Model biased towards low frequency data?


Generally model gets biased towards data_samples/target whose frequency is high in training data set. Is it possible during training that model gets biased towards low frequency training data set.

vipin bansal

Posted 2019-05-24T02:59:13.803

Reputation: 1 322

Could you please elaborate your question and problem? – Shubham Panchal – 2019-05-24T04:46:03.657

We have a dataset of binary classifier. Where class 1 data is huge whereas class 0 is having very less data, i.e. data is skewed. During model training, its quite possible that model should be biased towards class 1 and its expected.
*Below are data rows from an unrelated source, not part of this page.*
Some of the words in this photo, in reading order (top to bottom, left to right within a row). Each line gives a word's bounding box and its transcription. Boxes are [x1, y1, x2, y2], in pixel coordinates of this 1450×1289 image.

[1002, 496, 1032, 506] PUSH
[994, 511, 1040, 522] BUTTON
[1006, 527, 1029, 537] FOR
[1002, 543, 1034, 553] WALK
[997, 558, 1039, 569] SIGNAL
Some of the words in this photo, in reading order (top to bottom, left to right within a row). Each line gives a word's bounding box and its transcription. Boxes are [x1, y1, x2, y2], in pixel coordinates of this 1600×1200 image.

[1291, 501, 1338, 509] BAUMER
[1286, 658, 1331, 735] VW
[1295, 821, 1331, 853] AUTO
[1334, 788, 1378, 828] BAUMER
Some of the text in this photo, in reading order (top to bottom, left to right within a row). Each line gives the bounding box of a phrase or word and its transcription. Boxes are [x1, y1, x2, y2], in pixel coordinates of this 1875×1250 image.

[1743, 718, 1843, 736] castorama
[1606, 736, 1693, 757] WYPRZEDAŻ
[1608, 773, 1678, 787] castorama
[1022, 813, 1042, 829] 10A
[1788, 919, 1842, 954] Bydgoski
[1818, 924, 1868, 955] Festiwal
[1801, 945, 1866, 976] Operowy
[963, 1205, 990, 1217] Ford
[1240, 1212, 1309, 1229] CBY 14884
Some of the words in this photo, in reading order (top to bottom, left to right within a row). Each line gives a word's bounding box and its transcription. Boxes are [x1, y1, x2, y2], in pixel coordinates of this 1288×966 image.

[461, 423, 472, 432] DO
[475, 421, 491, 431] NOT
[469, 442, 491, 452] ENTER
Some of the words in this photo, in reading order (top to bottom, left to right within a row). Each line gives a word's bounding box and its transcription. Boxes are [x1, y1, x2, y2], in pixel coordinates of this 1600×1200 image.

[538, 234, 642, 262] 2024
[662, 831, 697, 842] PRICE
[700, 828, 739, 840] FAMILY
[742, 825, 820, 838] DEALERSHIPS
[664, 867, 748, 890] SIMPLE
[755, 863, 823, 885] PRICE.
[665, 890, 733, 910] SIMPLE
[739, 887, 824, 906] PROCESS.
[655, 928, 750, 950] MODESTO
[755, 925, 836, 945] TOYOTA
I want to know is it also possible if model get biased toward class 0? – vipin bansal – 2019-05-24T04:48:01.587



With structured data, you have in general 4 challenges:

(1) Missing data

(2) Outliers

(3) Cardinality

(4) Rare values (as a rule of thumb <5%)

Rare values in categorical variables tend to cause over-fitting, particularly in tree based methods. Ph.D. Data Scientist Soledad Galli has an amazing course on the subject (Udemy: "Feature Engineering". Below a screenshot from her course, but to be fair to her, I'm not going to post the solution.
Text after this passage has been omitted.